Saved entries

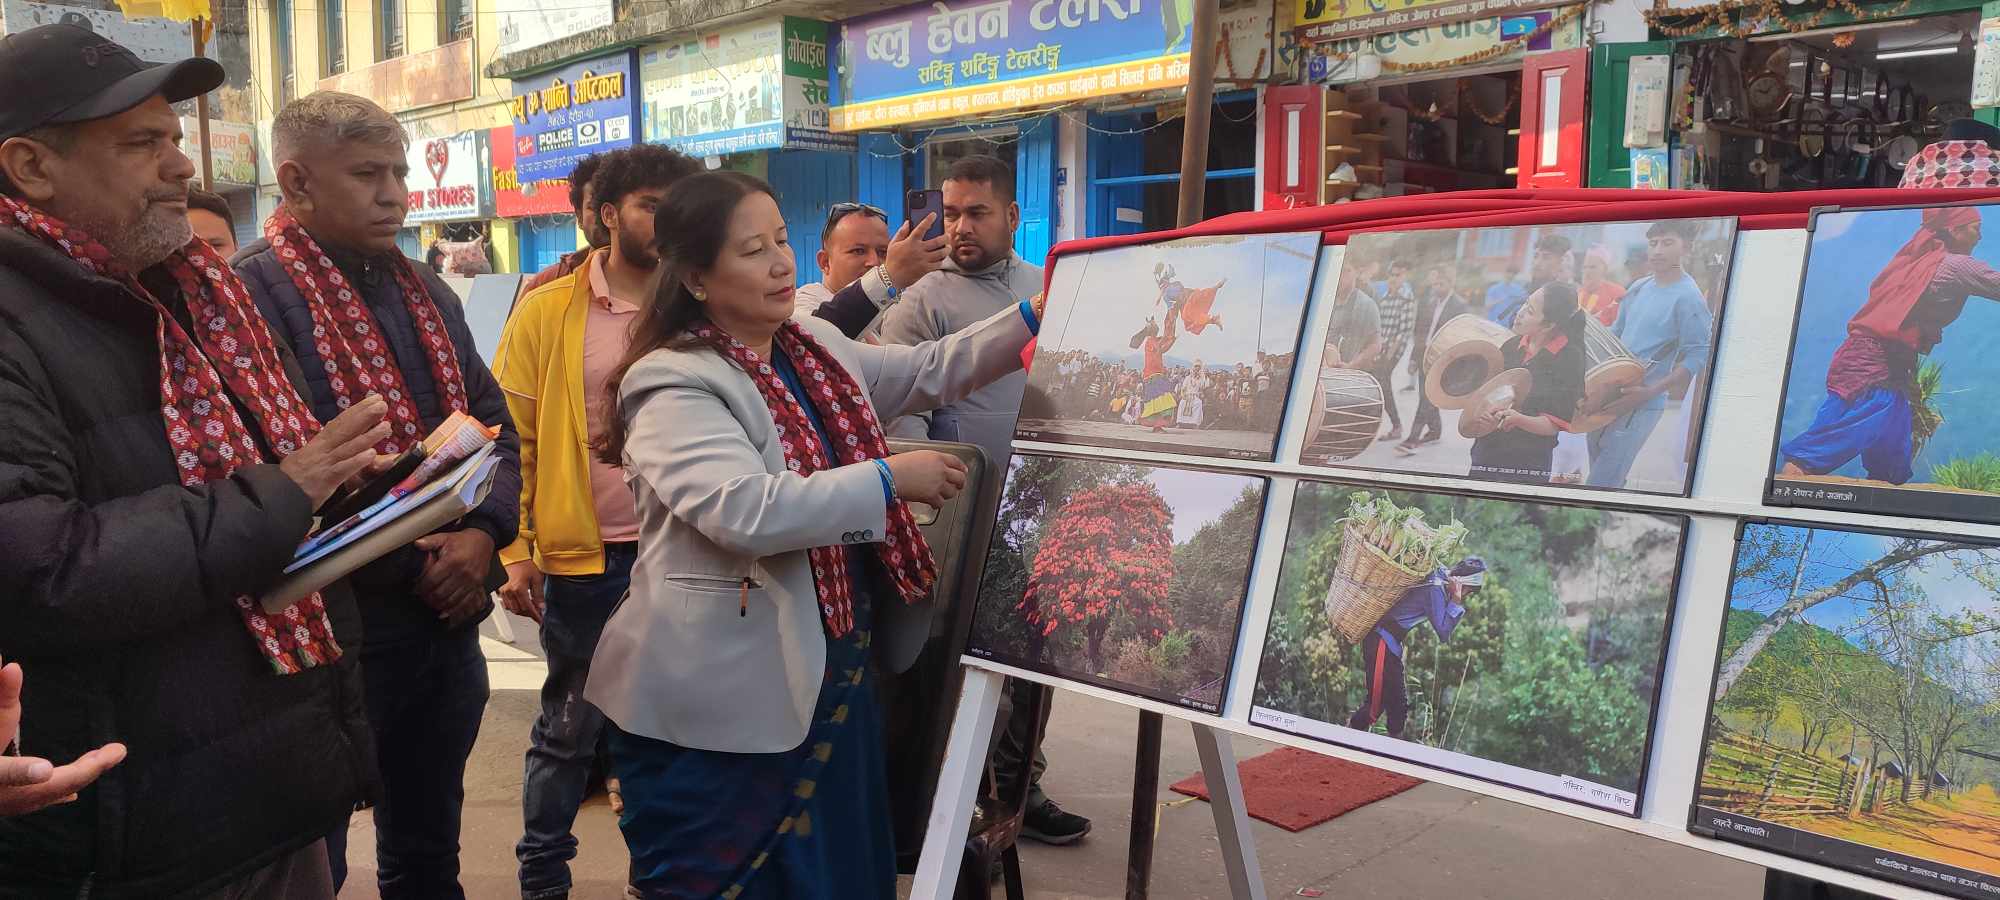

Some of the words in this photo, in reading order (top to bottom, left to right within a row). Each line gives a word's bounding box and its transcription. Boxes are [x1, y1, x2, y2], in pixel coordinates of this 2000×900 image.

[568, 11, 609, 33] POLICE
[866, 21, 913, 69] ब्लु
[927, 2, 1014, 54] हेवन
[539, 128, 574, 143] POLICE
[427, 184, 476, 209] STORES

- TASK STATEMENT
Print every record above exactly, but no pictures.

- EXERCISE OUTPUT
Some of the words in this photo, in reading order (top to bottom, left to right within a row). Each line gives a word's bounding box and its transcription. Boxes are [x1, y1, x2, y2], in pixel coordinates of this 2000×900 image.

[568, 11, 609, 33] POLICE
[866, 21, 913, 69] ब्लु
[927, 2, 1014, 54] हेवन
[539, 128, 574, 143] POLICE
[427, 184, 476, 209] STORES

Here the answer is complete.